• Raw data:
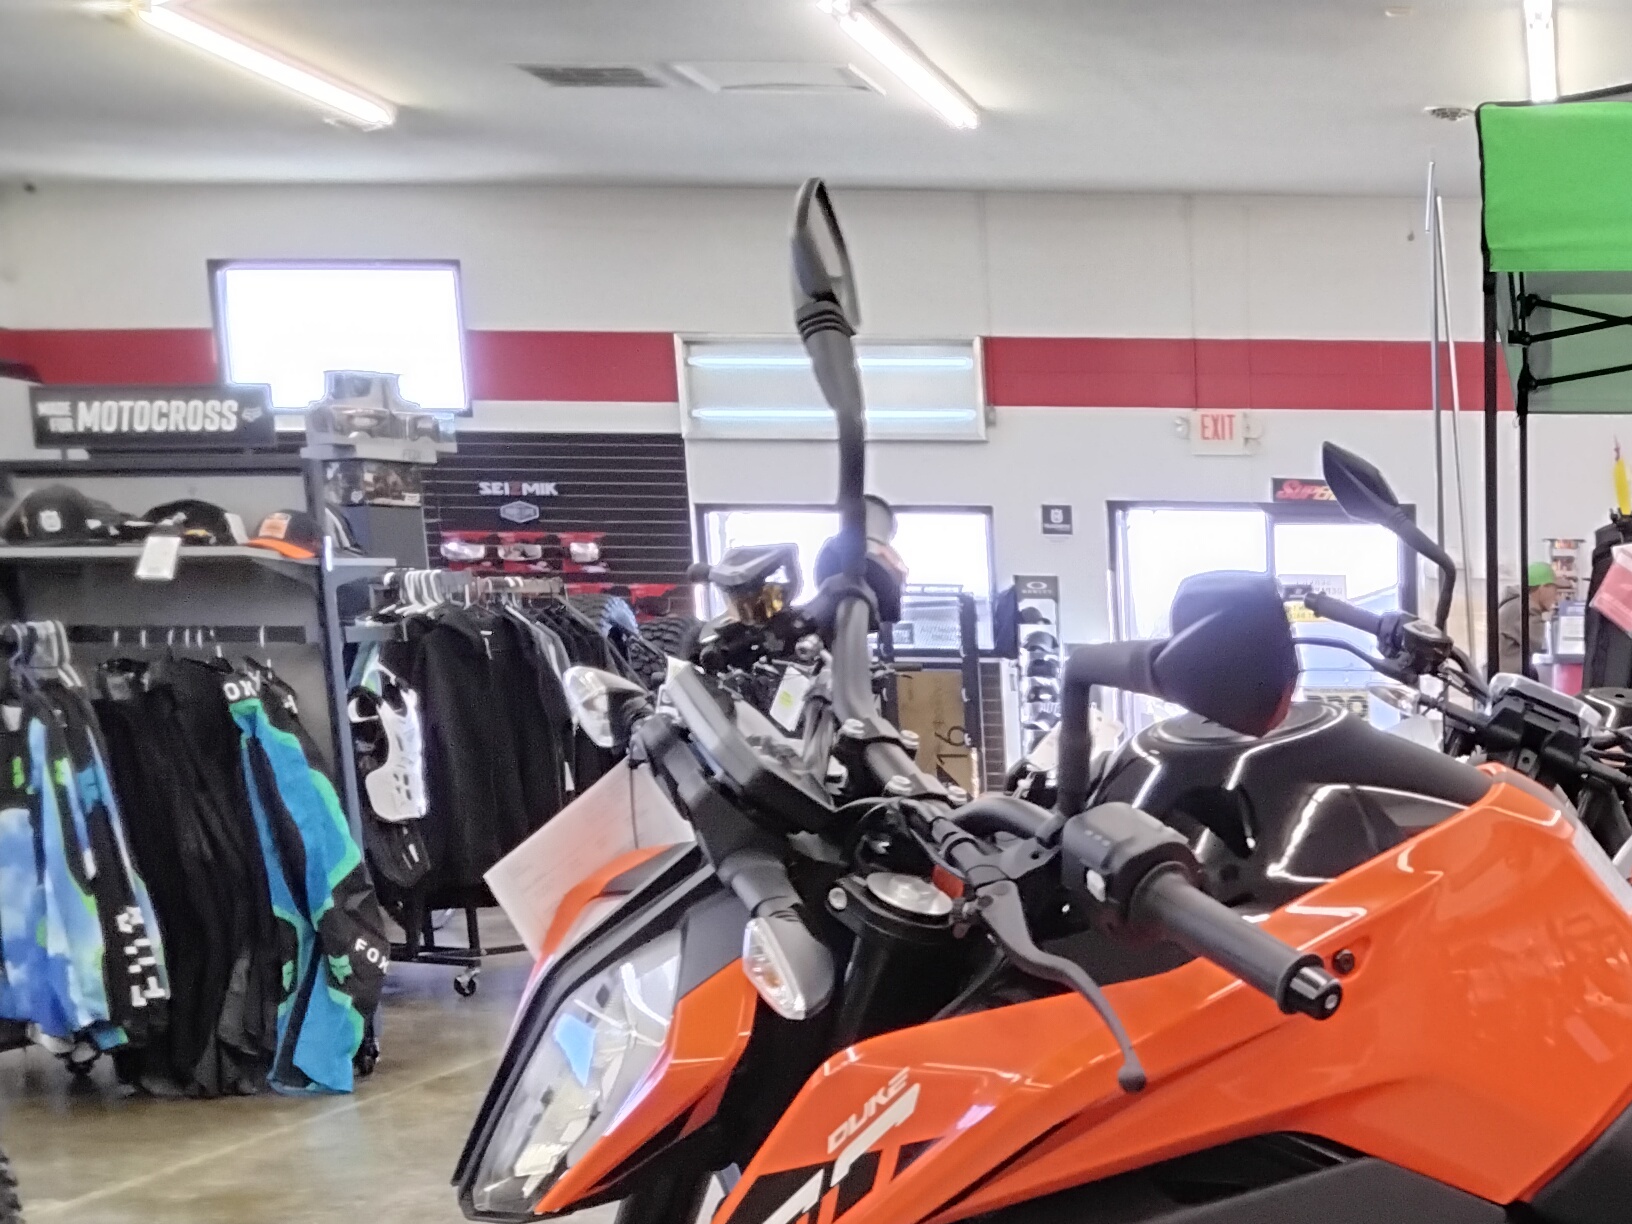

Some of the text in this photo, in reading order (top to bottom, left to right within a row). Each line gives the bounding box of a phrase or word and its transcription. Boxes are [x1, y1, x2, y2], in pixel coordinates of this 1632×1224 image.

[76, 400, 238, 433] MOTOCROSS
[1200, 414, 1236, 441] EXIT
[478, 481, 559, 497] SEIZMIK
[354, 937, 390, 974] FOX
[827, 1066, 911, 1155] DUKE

• What is needed: When you return the records, keep every word unchanged and drop the pictures.

• Response box:
Some of the text in this photo, in reading order (top to bottom, left to right within a row). Each line gives the bounding box of a phrase or word and its transcription. Boxes are [x1, y1, x2, y2], in pixel coordinates of this 1632×1224 image.

[76, 400, 238, 433] MOTOCROSS
[1200, 414, 1236, 441] EXIT
[478, 481, 559, 497] SEIZMIK
[354, 937, 390, 974] FOX
[827, 1066, 911, 1155] DUKE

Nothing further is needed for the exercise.